Depuis les années 70, les territoires palestiniens ont vu émerger un important mouvement d’expression artistique en plus du mouvement populaire de résistance contre l’occupation israélienne. En plusieurs endroits, des jeunes palestiniens se sont réunis pour affirmer leur refus de l’oppression et de l’occupation, par le biais de la création théâtrale. Le groupe Al Hakawati par exemple, est né de la volonté d’un groupe de jeunes de faire du théâtre malgré la surveillance des autorités israéliennes d’occupation. Ces jeunes considéraient qu’ils avaient leur mot à dire au sujet de leur situation et quelque chose à communiquer à leur public, lequel venait de tous les coins de la Cisjordanie et de Gaza pour partager avec les acteurs lors des représentations théâtrales.

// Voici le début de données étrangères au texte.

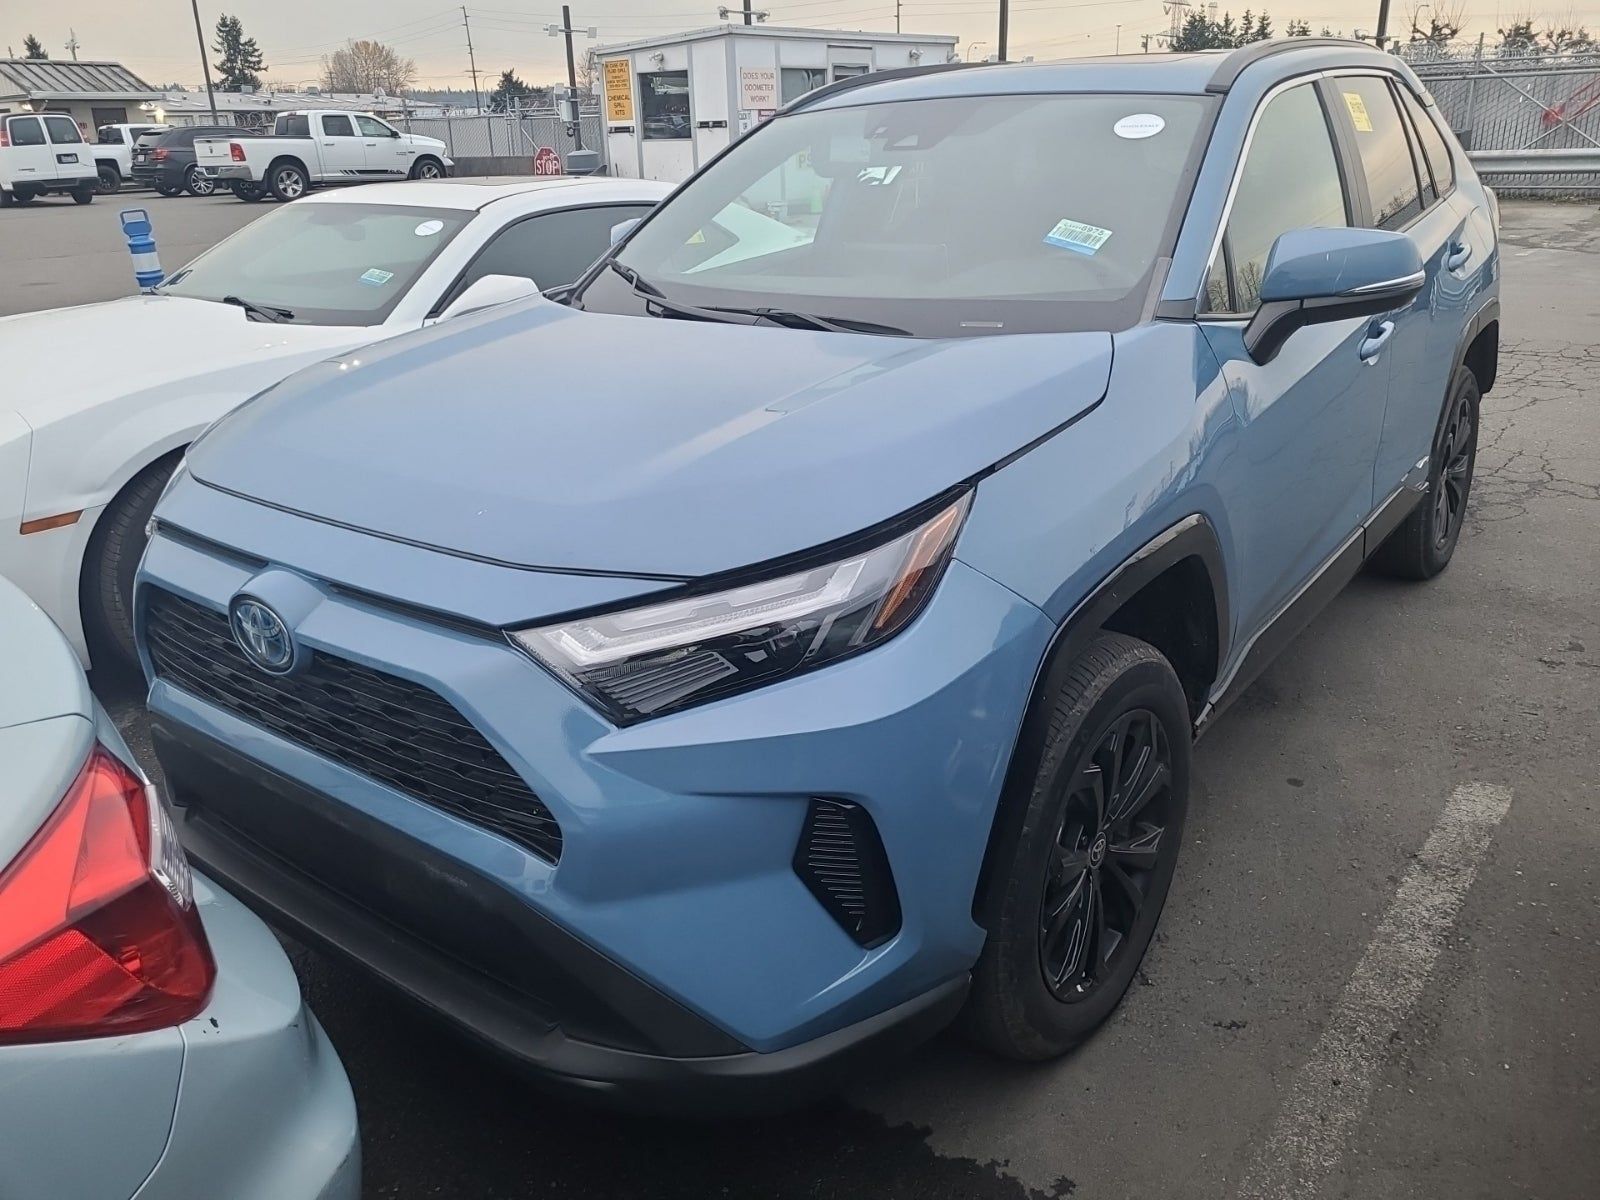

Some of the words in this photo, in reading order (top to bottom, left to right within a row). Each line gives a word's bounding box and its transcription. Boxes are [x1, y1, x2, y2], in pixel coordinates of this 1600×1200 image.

[760, 72, 774, 80] YOUR
[744, 83, 774, 91] ODOMETER
[536, 159, 559, 175] STOP

Cependant, la production théâtrale a été durement touchée par les deux « Intifada » de 1987 et 2000. De plus, l’art en général n’est pas une priorité en Palestine, tandis que les réunions publiques sont interdites et très mal vues par les forces d’occupation israéliennes. Les textes des pièces de théâtre continuent d’être contrôlés par un comité nommé par les autorités militaires. Cette situation a motivé l’apparition d’un nouveau style d’écriture, qui introduit notamment des chansons moins compréhensibles pour les comités de censures, ou encore des jeux de mots. Il arrive même que les acteurs changent leur texte au dernier moment, lors de la représentation.
Les acteurs et les spectateurs ont les mêmes objectifs : résister contre l’occupation, faire connaitre au monde les pratiques inacceptables utilisées à l’encontre du peuple palestinien, et confirmer l’identité nationale palestinienne ainsi que le droit inaliénable des Palestiniens de vivre librement sur leur terre. Autrement dit, le théâtre palestinien diffuse la revendication d’un projet national palestinien.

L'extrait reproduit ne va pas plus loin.